7. Auf die Berufungsbegründung war somit ebensowenig einzugehen, wie auf den Umstand, daß nach der Aktenlage die Bestellung des Berufungswerbers zum verantwortlichen Beauftragten im Sinne des § 9 Abs.2 und 4 VStG vorliegend gar nicht rechtswirksam vorgenommen scheint. Dennoch hält der unabhängige Verwaltungssenat zu letzterem fest: Weder nämlich aus der im Akt einliegenden Kopie der Bestellungsurkunde vom 5. Februar 1990 noch aus einem sonstigen Akteninhalt geht mit Eindeutigkeit hervor, daß dem Berufungswerber die für die Übertragung der verwaltungsstrafrechtlichen Verantwortlichkeit unerläßliche entsprechende Anordnungsbefugnis zugewiesen worden ist.
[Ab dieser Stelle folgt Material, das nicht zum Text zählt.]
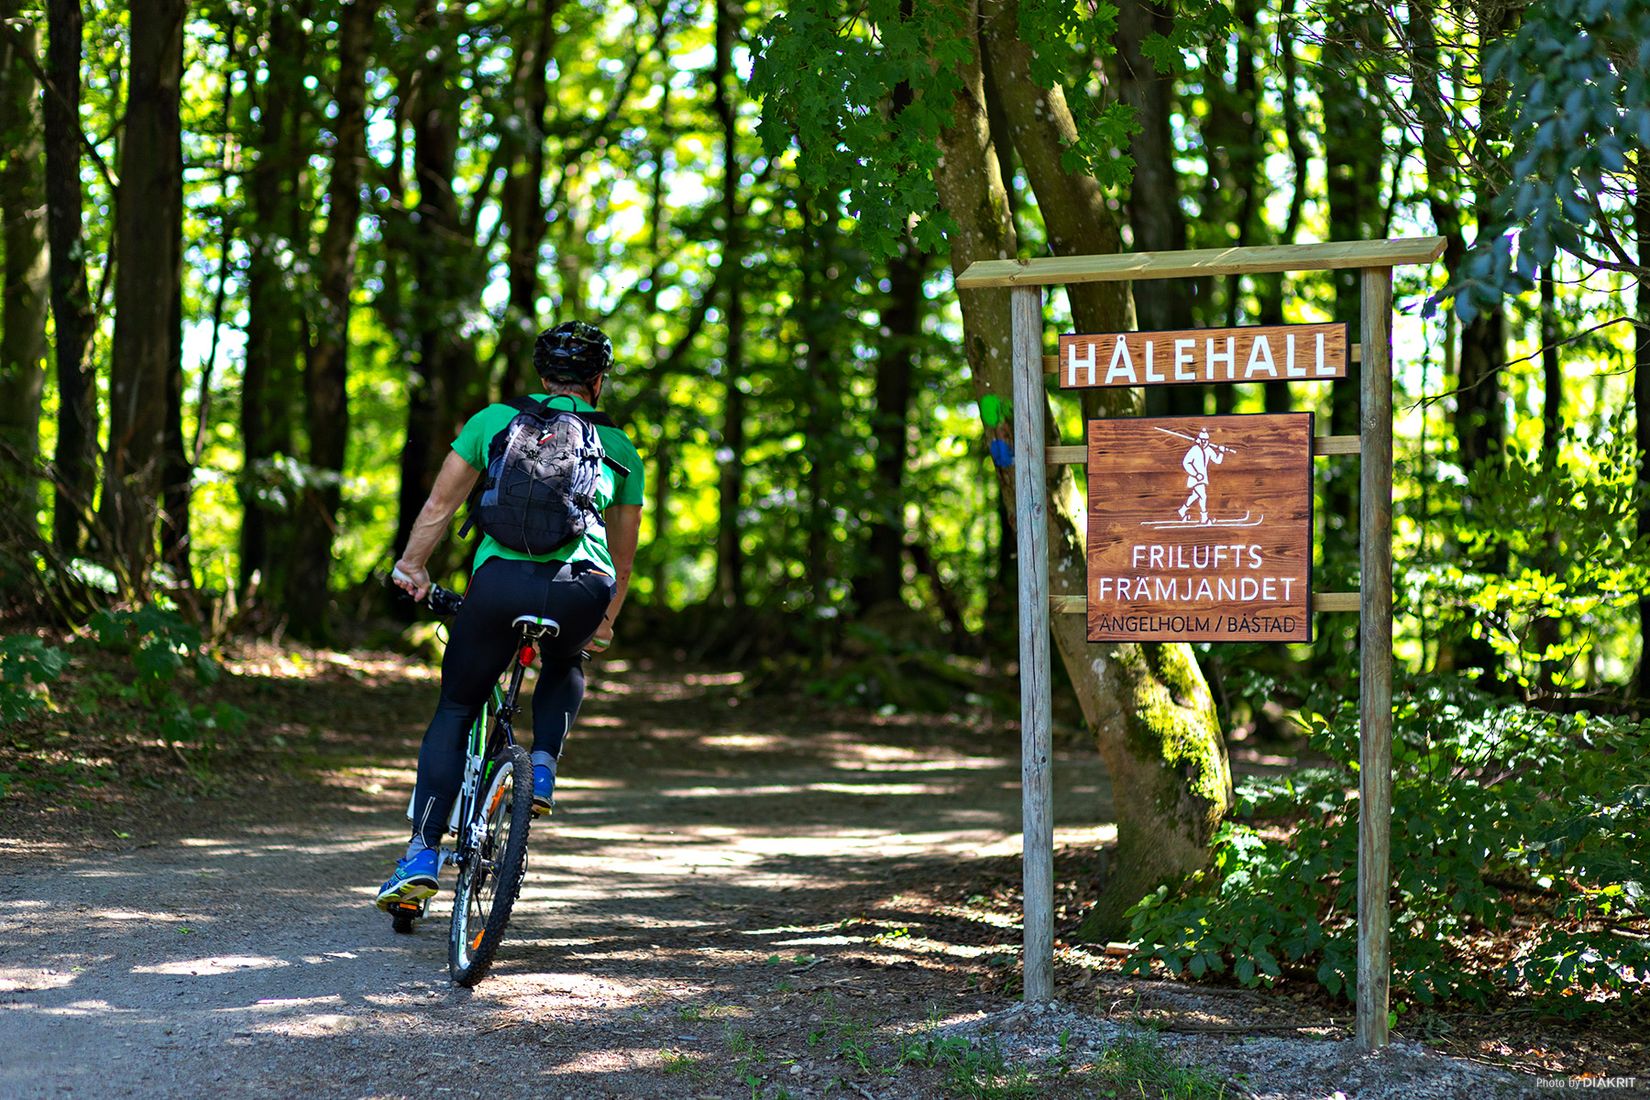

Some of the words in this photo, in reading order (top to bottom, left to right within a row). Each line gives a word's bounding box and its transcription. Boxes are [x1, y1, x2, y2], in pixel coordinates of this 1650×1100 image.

Bei dieser Aktenlage hätte die belangte Behörde den eindeutigen Nachweis einer entsprechenden Anordnungsbefugnis zumindest einfordern müssen. Dabei hätte sie davon ausgehen können, daß es dem die Bestellung eines verantwortlichen Beauftragten geltend machenden handelsrechtlichen Geschäftsführer der juristischen Person obliegt, von sich aus das Faktum der Zuweisung einer entsprechenden Anordnungsbefugnis ebenso klar und unmißverständlich darzutun, wie dies für den Nachweis der Übertragung eines räumlich oder sachlich abgegrenzten Verantwortungsbereiches gilt. Dadurch nämlich sollen nach Meinung des Verwaltungsgerichtshofes (vgl. Erk. VwGH v. 23.2.1993, Zl. 92/11/0258) die Verwaltungsstrafbehörden immer dann, wenn vom strafrechtlich eigentlich Verantwortlichen die Delegierung der Verantwortlichkeit nach dem Modell des § 9 Abs.2 und 4 VStG behauptet wird, der Aufgabe enthoben sein, die Bestellung (ihren Nachweis) einer nur unter Zuhilfenahme weiterer Beweise möglichen Interpretation unterziehen zu müssen, um zu klären, welcher Inhalt einer diesbezüglich nicht eindeutigen Erklärung beizumessen ist. Jedenfalls soll vermieden werden, daß Zweifel am Umfang des Verantwortlichkeitsbereiches - hier: am Bestand der entsprechenden Anordnungsbefugnis - entstehen und als deren Folge die Begehung von Verwaltungsübertretungen allenfalls überhaupt ungesühnt bleibt.

Zu II.:

Der Ausspruch über den Entfall von Beiträgen zu den Kosten des Strafverfahrens ist auf die angegebene Gesetzesbestimmung gegründet.

Rechtsmittelbelehrung:

Gegen diesen Bescheid ist eine weitere Berufung unzulässig.

Hinweis:

Gegen diesen Bescheid kann innerhalb von sechs Wochen ab seiner Zustellung eine schriftliche Beschwerde an den Verwaltungsgerichtshof oder an den Verfassungsgerichtshof erhoben werden. Sie muß von einem Rechtsanwalt unterschrieben sein.